◆ **WHAT IS EXPECTED**:
Your copy should match the entries exactly, except that it holds no pictures.

Spatial localization data
* * *

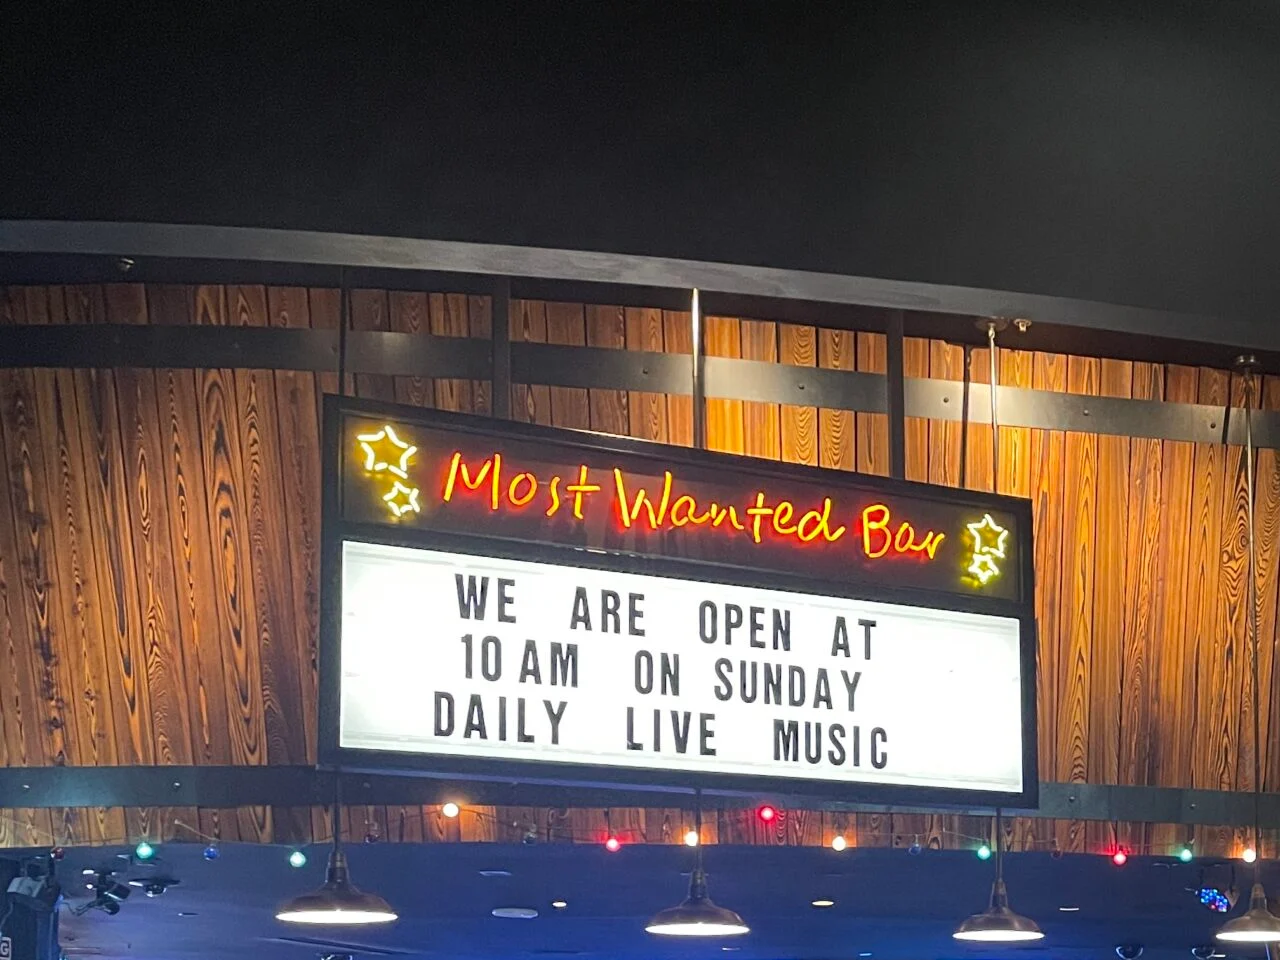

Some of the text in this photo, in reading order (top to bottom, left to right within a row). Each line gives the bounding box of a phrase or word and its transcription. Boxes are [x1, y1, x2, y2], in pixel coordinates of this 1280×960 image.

[443, 452, 946, 560] Most Wanted Bar
[455, 573, 878, 661] WE ARE OPEN AT
[635, 650, 680, 697] ON
[713, 658, 862, 713] SUNDAY
[433, 691, 890, 771] DAILY LIVE MUSIC

* * *

◆ **ANSWER SECTION**:
Some of the text in this photo, in reading order (top to bottom, left to right within a row). Each line gives the bounding box of a phrase or word and its transcription. Boxes are [x1, y1, x2, y2], in pixel coordinates of this 1280×960 image.

[443, 452, 946, 560] Most Wanted Bar
[455, 573, 878, 661] WE ARE OPEN AT
[635, 650, 680, 697] ON
[713, 658, 862, 713] SUNDAY
[433, 691, 890, 771] DAILY LIVE MUSIC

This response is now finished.